Kini aku bertengger di ujung jembatan dengan misi yang disematkan oleh majikan. Selembar foto sudah diberikan, dan tinggal eksekusi yang akan kulakukan. Lelaki—yang menjadi targetku—itu masih bercengkrama dengan istri dan anaknya di taman kota. Anaknya terlihat membuka mulutnya dengan suara yang sangat keras yang memang membuat risih telingaku. Namun bapak dan ibu anak itu selalu tertawa ketika anak kecil itu melakukannya berulang-ulang.
Lalu tiba-tiba bapak dari anak itu memisahkan diri, dia berjalan menuju kamar mandi yang terletak di tengah-tengah taman.
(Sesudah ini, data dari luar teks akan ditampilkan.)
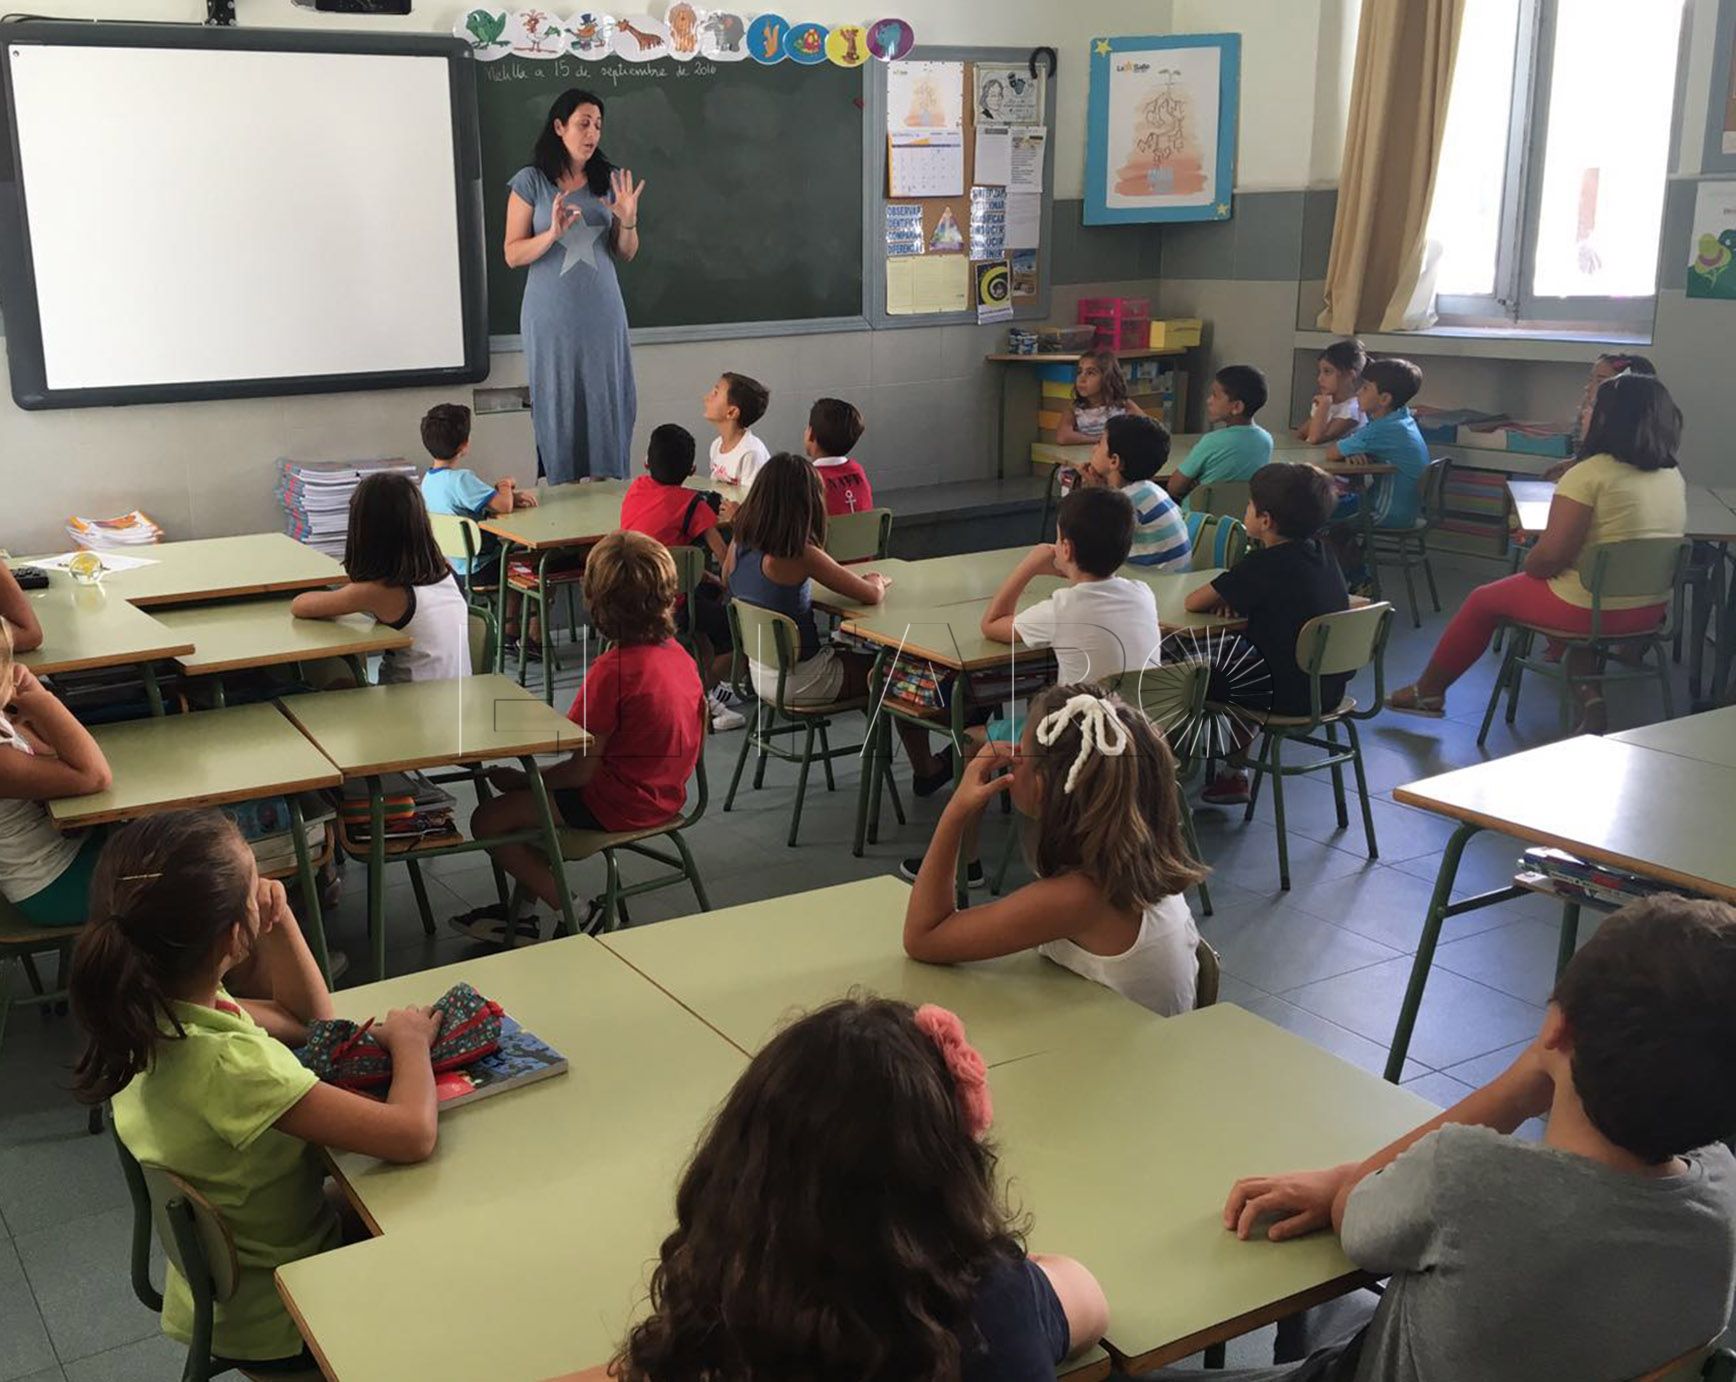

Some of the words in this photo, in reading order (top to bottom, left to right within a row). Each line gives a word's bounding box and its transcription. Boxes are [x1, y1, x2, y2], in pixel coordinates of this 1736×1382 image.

[534, 68, 545, 78] a
[554, 60, 570, 77] 15
[600, 63, 668, 86] septiembre
Kesempatan yang bagus untukku. Aku berjalan menuju kamar mandi dan bersiap untuk melakukan eksekusi. Aku menunggunya di lorong kamar mandi. Kutunggu beberapa saat, kemudian lelaki itu berjalan keluar dari kamar mandi. Dan benar saja, wajahnya mirip dengan orang yang ada di foto. Akupun berjalan perlahan dan setelah berpapasan dengan lelaki itu, kubungkam mulutnya dari belakang dan kupotong urat nadi yang ada di lehernya. Lelaki itupun mati seketika.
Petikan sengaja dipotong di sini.